Southern fried

A whole 'nother Realm of consciousness

With cold concrete, my friends, we built civilization. And in a sub-basement we build a subculture. You may know it as the Concourse, others queue up for "the Q." The urban tribe has a "hole in the wall" in a hole in the ground.
These thoughts probably come across about as deep as my pockets, and just as moth bitten and full of holes. Who asked me to let all my hot air out? Or, as the sign on MJQ's shed reads, "Don't be an idiot, close the door." But I can't help it, it's like going through those double doors has put me in some futuristic speakeasy.
MJQ is the kind of place I go to be alone in a crowd and scribble notes. Make no mistake, the atmosphere's friendly. But it's also the kind of place where everyone seems to know everyone. People may notice you more easily when you're unknown, though they're likely to just shrug their shoulders and turn back to their own thing.
I go to MJQ to be left alone, not noted, for some a welcome change. And I go to MJQ because I don't have to change. Suede jacket, sweater, sneakers, snarky attitude. I'm in the door in my poorly hand-mended jeans, peering at my peers' appearances.

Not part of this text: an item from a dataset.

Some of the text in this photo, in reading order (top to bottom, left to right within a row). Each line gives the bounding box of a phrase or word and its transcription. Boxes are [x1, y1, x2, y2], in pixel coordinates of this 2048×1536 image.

It's Friday night and 4 Kings Entertainment have sponsored "Realm 4," their latest in a series of local talent showcases, featuring hip-hop, trip-hop, drum 'n' bass and electronica. Everybody is looking good. Hip-hoppers mix with the Q crew of mods and '70s throwbacks. Elton John and Corey Hart, eat your hearts out. Women still wear their sunglasses at night — big, gold and gaudy. And men wear black and blue and get their hearts handed to them on a plate. Southern fried. Scattered, smothered, covered, chunked, topped and diced. Shot down like fighter pilots, they hunker in the bunker.

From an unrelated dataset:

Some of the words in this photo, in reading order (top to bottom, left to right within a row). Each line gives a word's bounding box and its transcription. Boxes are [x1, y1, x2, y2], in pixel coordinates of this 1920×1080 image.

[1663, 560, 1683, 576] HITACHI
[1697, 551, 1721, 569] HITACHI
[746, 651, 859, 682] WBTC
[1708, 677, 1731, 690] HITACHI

The temperature has dropped 10 degrees in the past hour and a crowd has dropped underground to huddle next to the uplit bar. Why turn up the heater when you can turn up the volume? After a while, people are always hot-steppin' enough to get the warm currents circulating. Most of the cats with skull caps are upfront, most of the chicks with feathered hair are hanging back. I always wonder if more people would throw their hands in the air and wave 'em like they just don't care if they actually didn't care about it being gauche.
From the stage a khaki-clad D.R.E.S. tha Beatnik is the scoutmaster, but no scout leader of mine ever called for "pandemonium up in this bitch." It's not your average troop hugging the stage.

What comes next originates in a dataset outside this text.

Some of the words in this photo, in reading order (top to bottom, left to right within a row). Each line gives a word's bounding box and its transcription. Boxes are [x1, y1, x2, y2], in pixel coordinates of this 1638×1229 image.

The way the red siren lights are going off, I'd have to say the Survivalists are on stage, and the room is full of the sounds of the New York City streets. Stranger than a bull in a china shop, there are B-boys in the bistro.
The underground now has corporate sponsorship, as EASports PlayStation discs go out in the crowd along with Mecca shirts. My head's spinning with the implications — and the alcohol. Curry and the cold are still making my nose run. The late hour is letting my mouth run.
It's OK. The Atlanta underground is worth selling out. There's no selling out in filling every seat. If EASports want to pay for good players, I'll fill the bleachers to cheer the home team.
I was shagged out, so I headed home at only 2 a.m., lack of sense or lack of sleep inspiring me to write like a beat beat poet. Wait till I write about a rave like I'm Dr. Seuss.